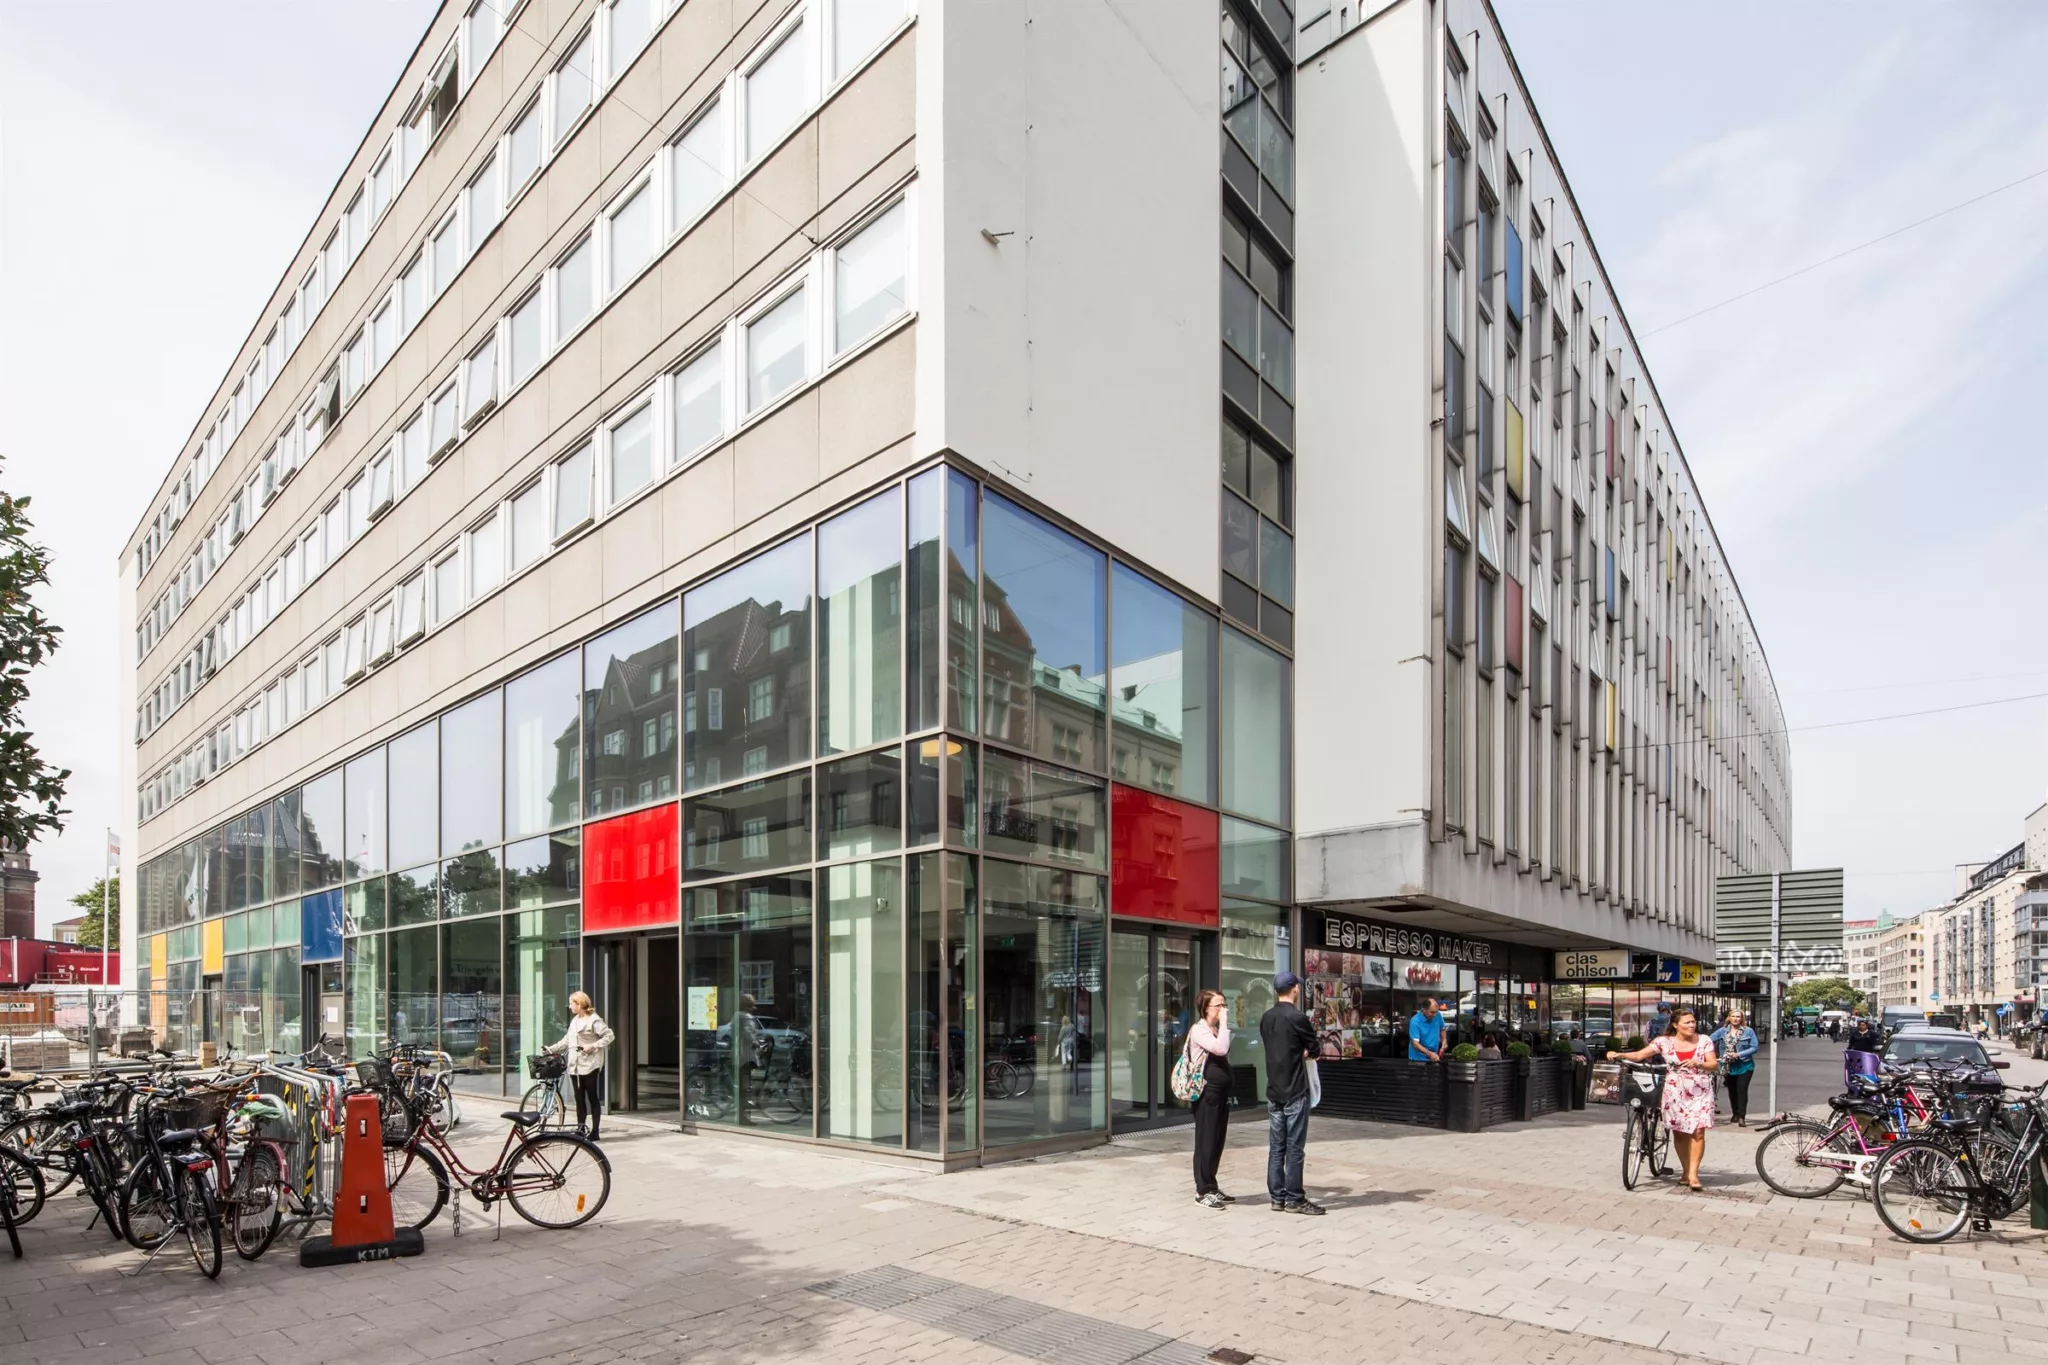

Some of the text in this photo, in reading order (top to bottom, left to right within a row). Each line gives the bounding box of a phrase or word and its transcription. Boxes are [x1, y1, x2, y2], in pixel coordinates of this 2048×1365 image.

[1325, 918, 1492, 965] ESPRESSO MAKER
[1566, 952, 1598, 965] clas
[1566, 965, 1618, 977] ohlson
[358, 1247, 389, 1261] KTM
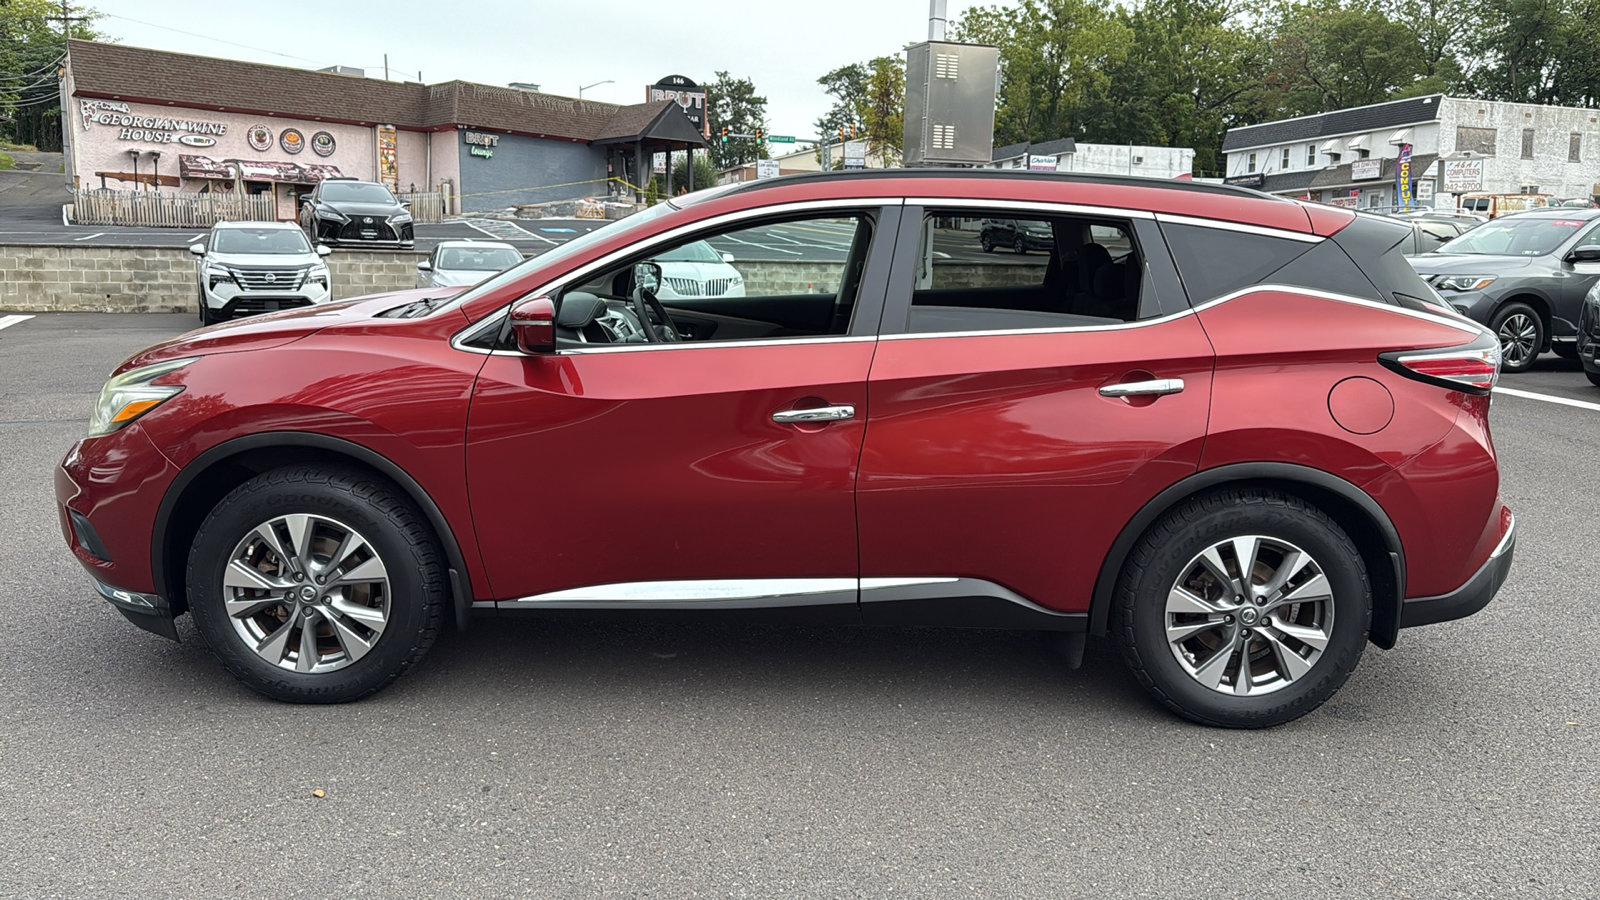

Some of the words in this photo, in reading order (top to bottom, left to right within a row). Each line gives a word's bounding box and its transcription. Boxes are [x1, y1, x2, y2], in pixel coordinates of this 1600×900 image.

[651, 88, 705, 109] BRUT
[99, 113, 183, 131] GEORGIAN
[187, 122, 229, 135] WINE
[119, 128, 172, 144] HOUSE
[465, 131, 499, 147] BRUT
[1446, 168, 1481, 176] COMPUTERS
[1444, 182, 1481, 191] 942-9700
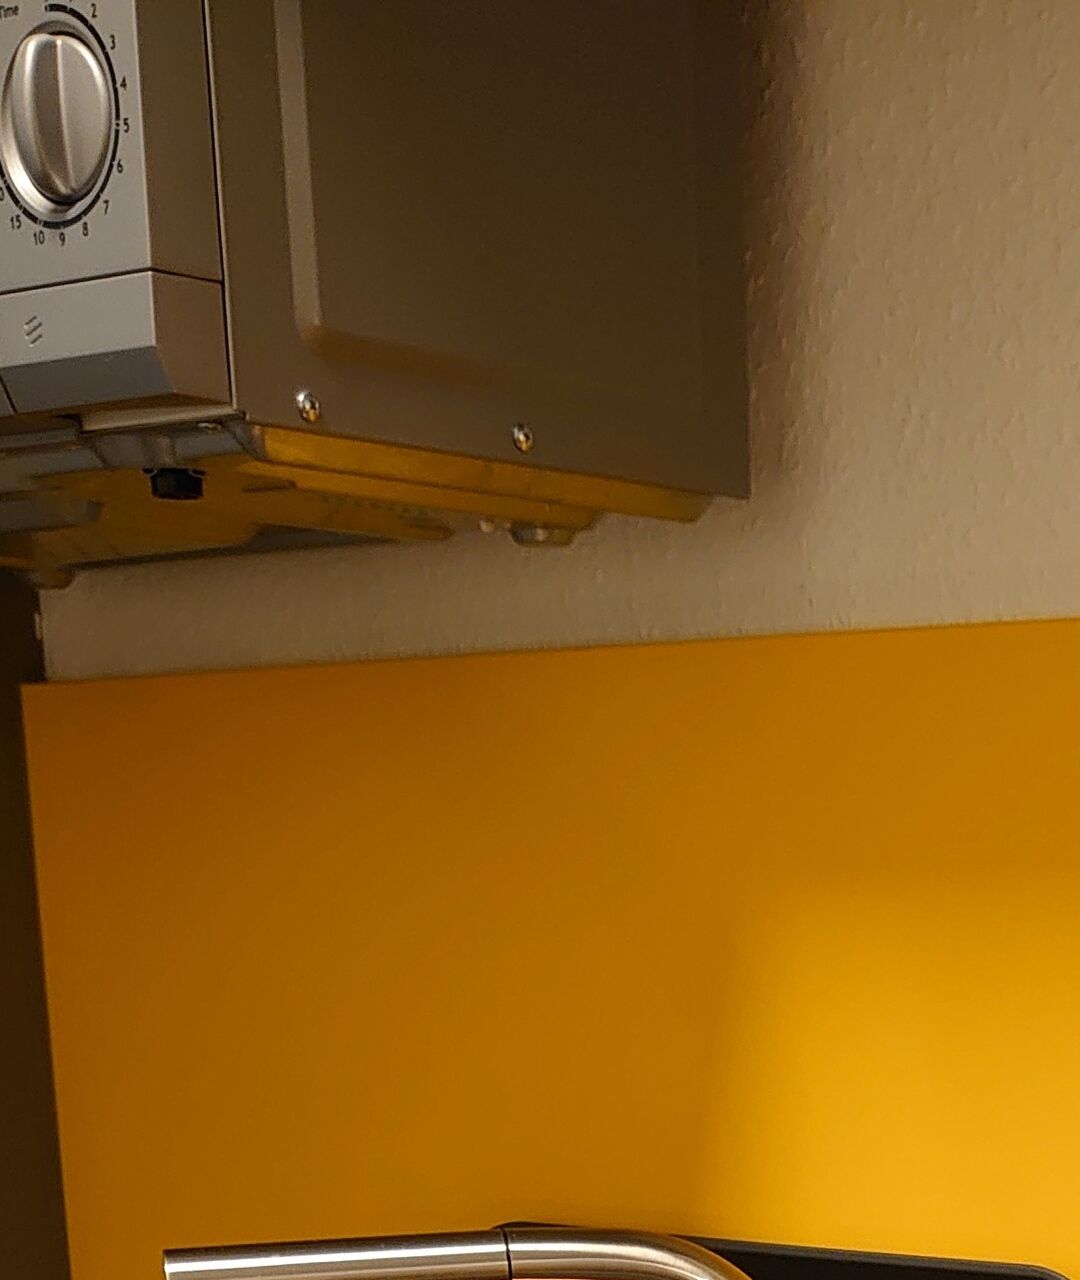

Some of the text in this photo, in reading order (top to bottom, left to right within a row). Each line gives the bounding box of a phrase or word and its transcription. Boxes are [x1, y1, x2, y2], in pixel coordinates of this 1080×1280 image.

# WORK TO BE COMPLETED
Leave out the pictures, and retype exactly the lines from the one containing "Some of the words" through the final line of the data.

# RESPONSE BELOW
Some of the words in this photo, in reading order (top to bottom, left to right within a row). Each line gives a word's bounding box and its transcription. Boxes are [x1, y1, x2, y2], in pixel coordinates of this 1600×900 image.

[651, 88, 705, 109] BRUT
[99, 113, 183, 131] GEORGIAN
[187, 122, 229, 135] WINE
[119, 128, 172, 144] HOUSE
[465, 131, 499, 147] BRUT
[1446, 168, 1481, 176] COMPUTERS
[1444, 182, 1481, 191] 942-9700

Some of the text in this photo, in reading order (top to bottom, left to right within a row). Each line gives the bounding box of a phrase or word and its transcription. Boxes are [x1, y1, x2, y2], in pixel coordinates of this 1080×1280 image.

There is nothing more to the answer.